*Input*
====

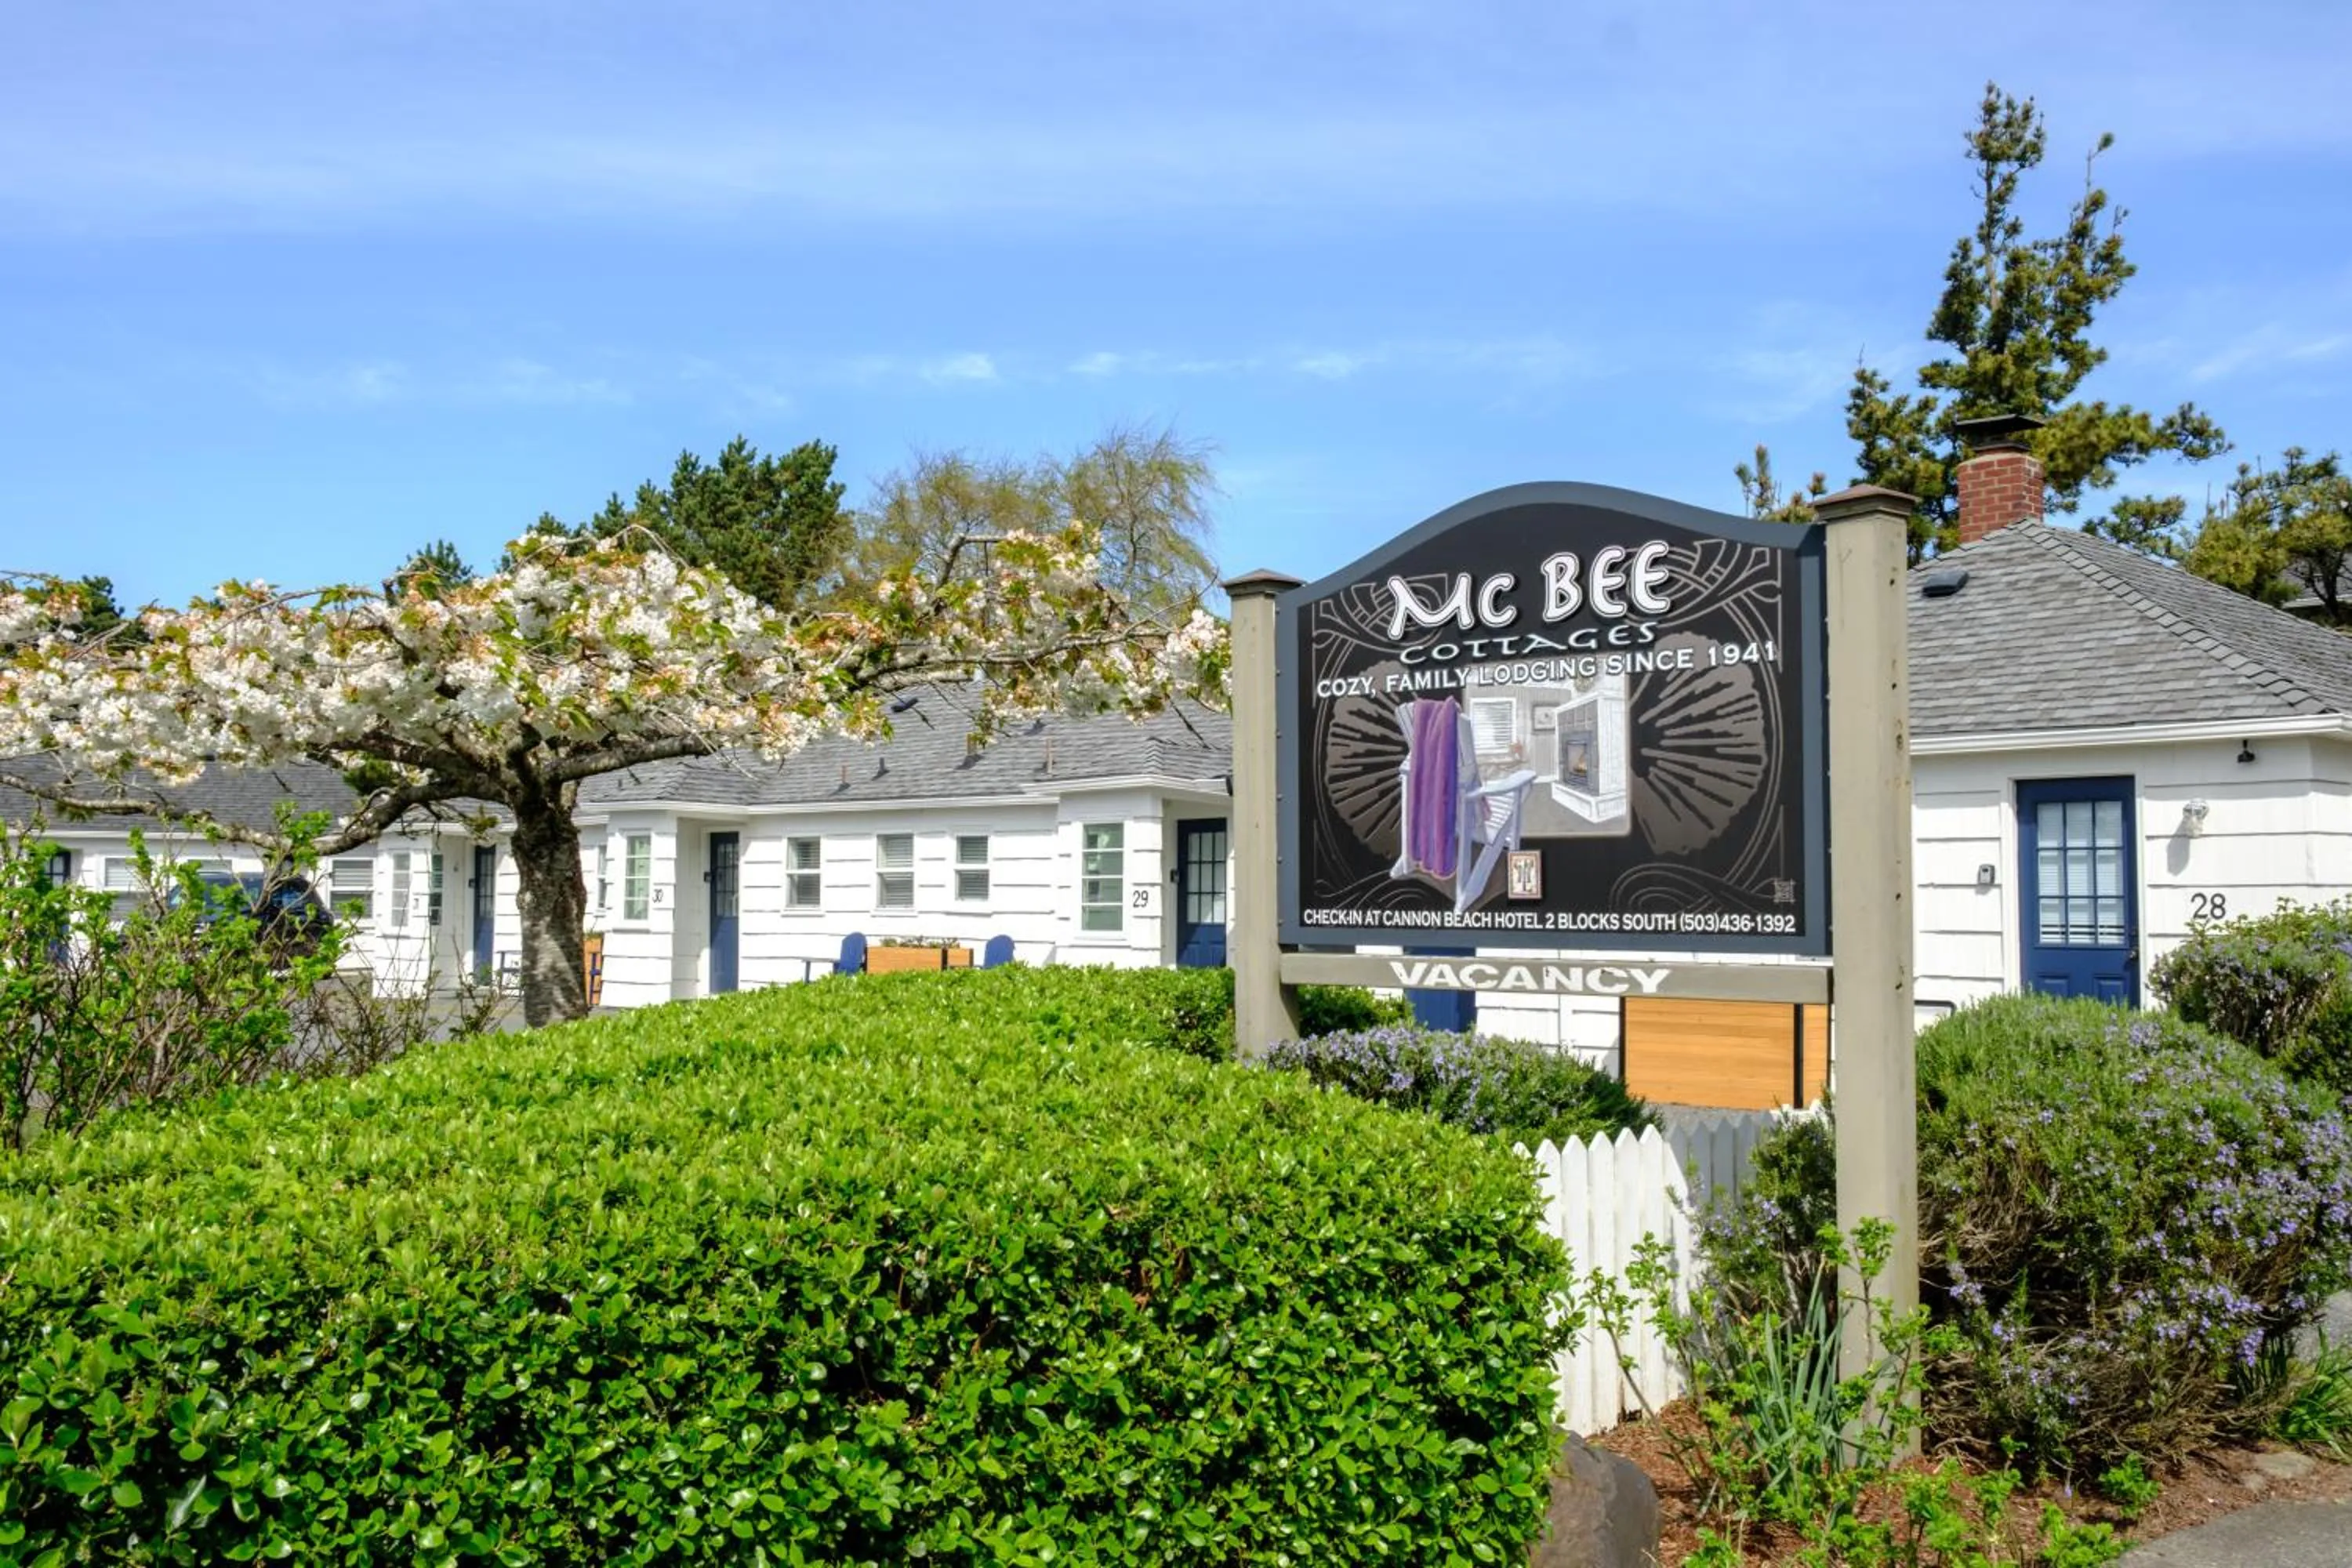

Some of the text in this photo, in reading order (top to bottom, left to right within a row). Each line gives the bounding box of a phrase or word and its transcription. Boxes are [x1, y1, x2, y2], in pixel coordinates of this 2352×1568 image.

[1541, 539, 1671, 622] BEE
[1399, 622, 1658, 664] COTTAGES
[1316, 641, 1777, 698] COZY, FAMILY LODGING SINCE 1941
[1133, 890, 1149, 908] 29
[2190, 893, 2226, 920] 28
[1304, 909, 1796, 932] CHECK-IN AT CANNON BEACH HOTEL 2 BLOCKS SOUTH (503)436-1392
[1389, 961, 1671, 994] VACANCY

====

*Assignment*
Give the listing above again exactly, minus any images.

*Answer area*
Some of the text in this photo, in reading order (top to bottom, left to right within a row). Each line gives the bounding box of a phrase or word and its transcription. Boxes are [x1, y1, x2, y2], in pixel coordinates of this 2352×1568 image.

[1541, 539, 1671, 622] BEE
[1399, 622, 1658, 664] COTTAGES
[1316, 641, 1777, 698] COZY, FAMILY LODGING SINCE 1941
[1133, 890, 1149, 908] 29
[2190, 893, 2226, 920] 28
[1304, 909, 1796, 932] CHECK-IN AT CANNON BEACH HOTEL 2 BLOCKS SOUTH (503)436-1392
[1389, 961, 1671, 994] VACANCY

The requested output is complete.